3. Dangers. (When Dead Gods Dream)

When Dead Gods Dream.

Brother Cassowar walked along the Dream Road, though little told it apart from the rest of the hellscape around him. For years settlers had sought to connect the cities of Voyeur and Purity together by a safe highway, but the effort had been long since abandoned. 

He had been taught all about the Dream Road during his time at the Schola Divinitus. It had been a lesson about the corruption of their environment, as well as the ego and fallibility of man. Teams of workers had set out, cutting back the skycaps in a wide lane, then took fire to the mold and rotting puss that coated the pale skin of the god below. Nothing could hold back the spread of decay though and in the end the road was once again consumed. 

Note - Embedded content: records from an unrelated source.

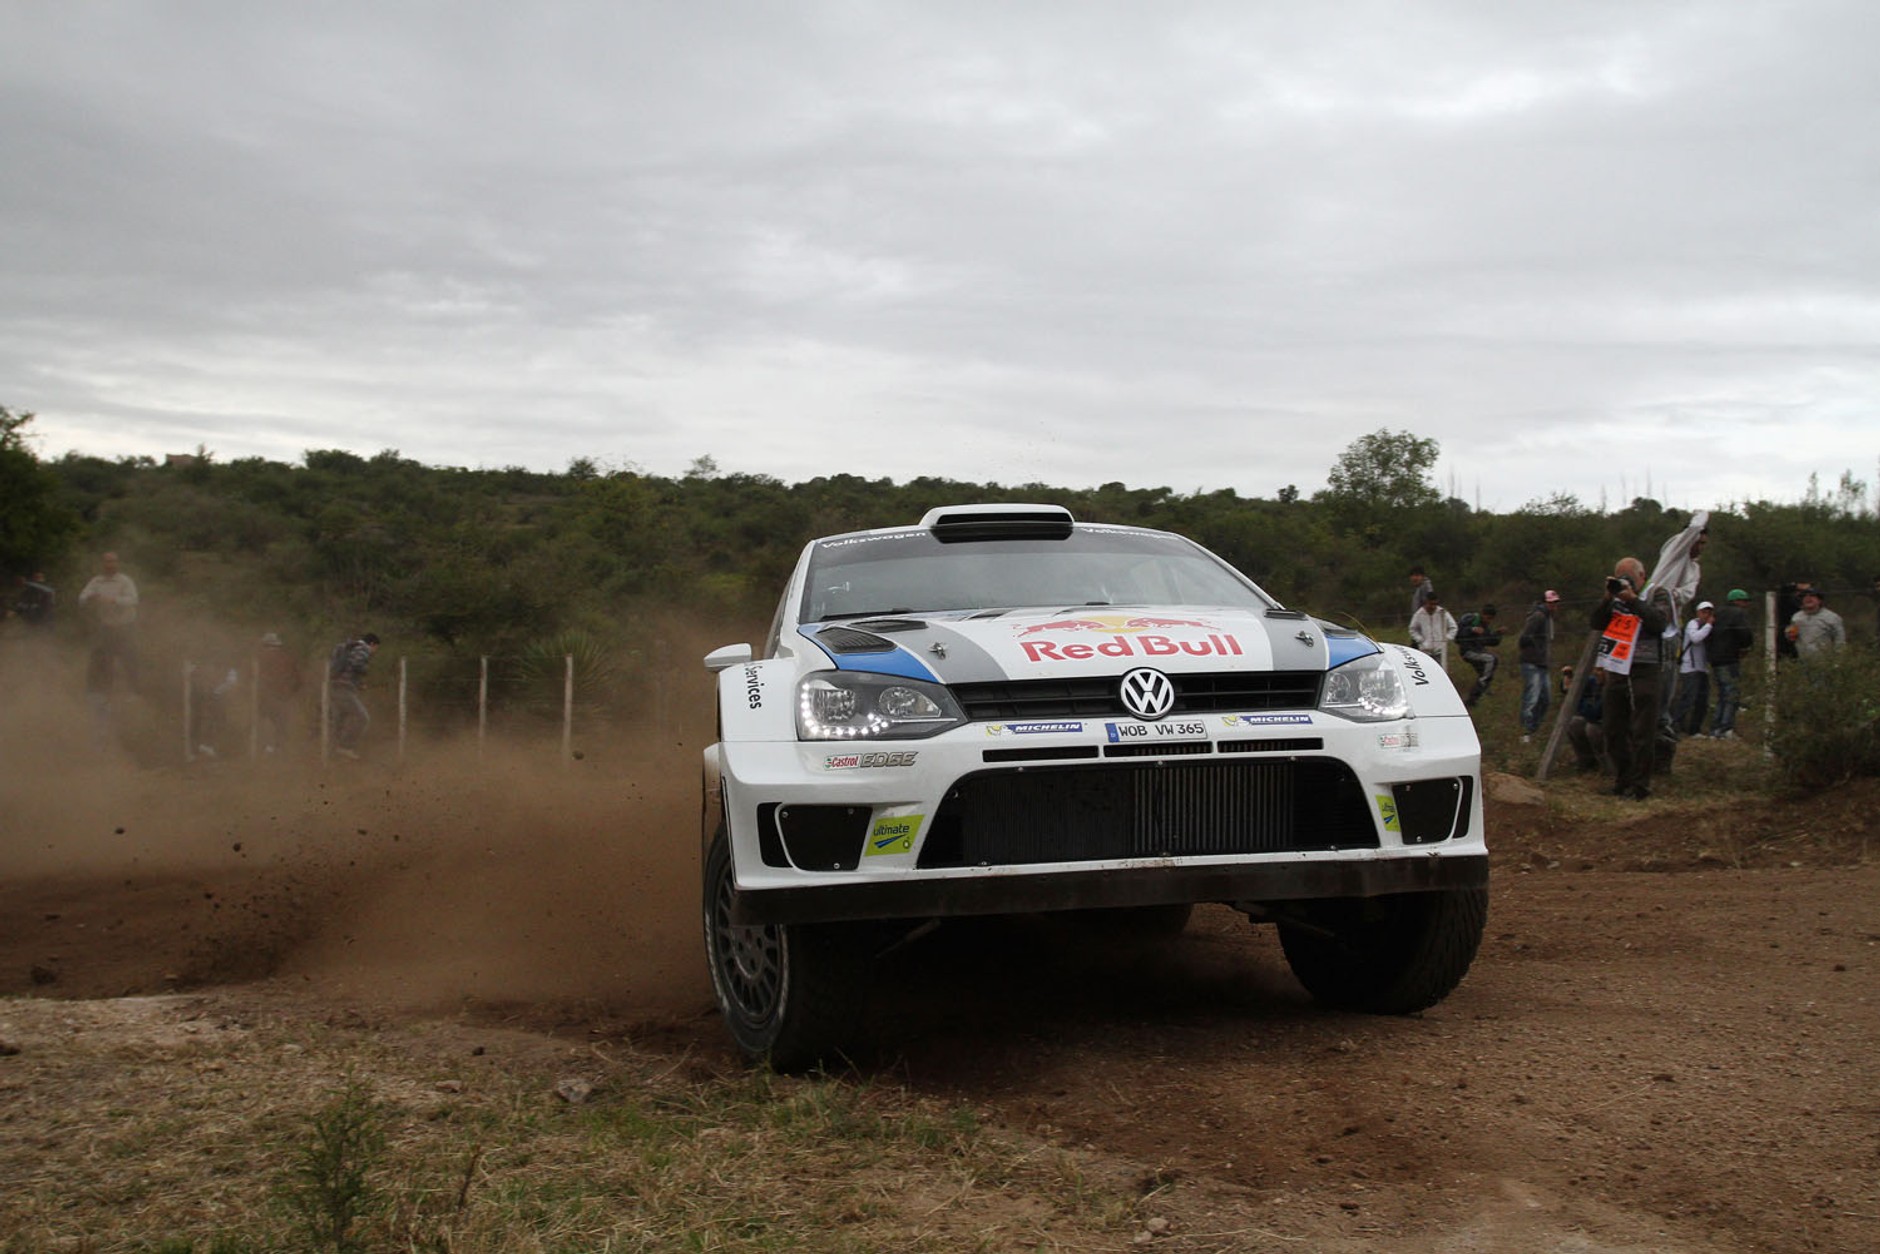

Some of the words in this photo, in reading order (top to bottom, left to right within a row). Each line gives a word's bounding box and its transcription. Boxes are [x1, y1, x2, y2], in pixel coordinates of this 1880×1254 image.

[822, 532, 926, 549] Volkswagen
[1020, 635, 1135, 662] Red
[1136, 634, 1244, 656] Bull
[1250, 715, 1310, 723] MICHELIN
[1015, 723, 1080, 732] MICHELIN
[1118, 725, 1148, 737] WOB
[1155, 724, 1174, 736] VW
[1176, 723, 1205, 735] 365
[831, 755, 859, 768] Castrol
[860, 751, 919, 768] EDGE
[873, 823, 910, 836] ultimate

Despite this, it hadn’t been an entirely fruitless venture. While it was no pristine highway, the road still carved a path between cities that was clear of larger obstacles, and gave a line of sight between the traveller and the oppressive gloom of the skycap forests to either side. If a group of trained guards were present, it could almost be considered a safe journey.

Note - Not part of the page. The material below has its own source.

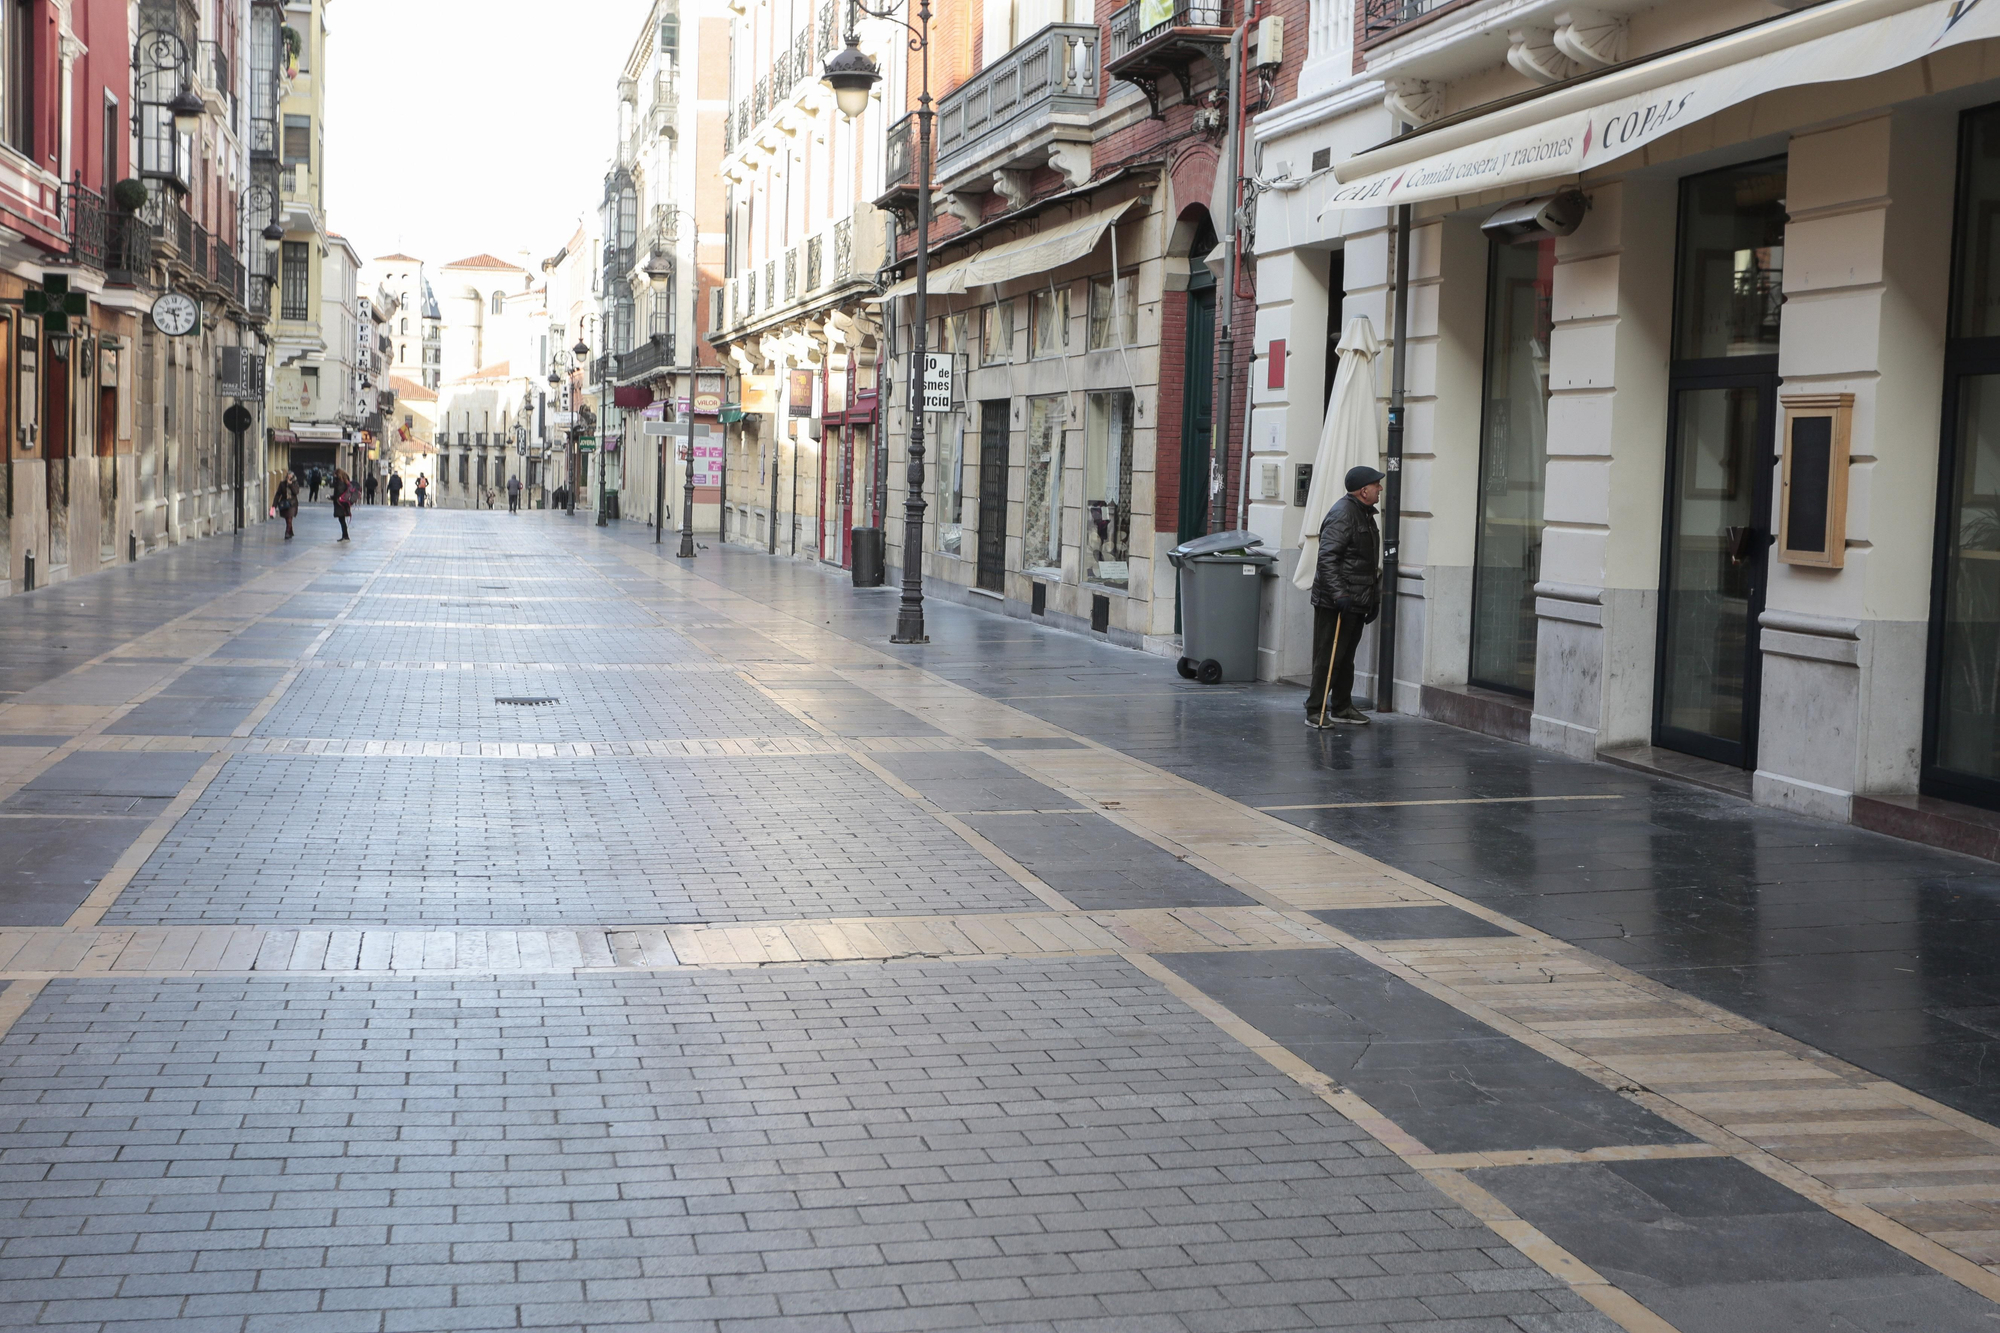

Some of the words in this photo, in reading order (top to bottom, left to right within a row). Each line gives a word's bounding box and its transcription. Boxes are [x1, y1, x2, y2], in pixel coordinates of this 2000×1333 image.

Brother Cassowar didn’t fear the journey. He had travelled the wilds often since his initial trials back in the schola. Twenty children around the age of eight had taken that journey. Only six returned. The harsh landscape was a home to Cassowar. He feared nothing out here. He feared nothing at all for all the fear had been stripped from him and purged.

It was his given crusade to find and return stolen church property from somewhere within the city of Voyeur. On the surface it was a simple task, but it had been given to him directly by High Father Leonardo himself. Such an honour was intoxicating. Cassowar was eager to please the High Father, just as all Icuri were.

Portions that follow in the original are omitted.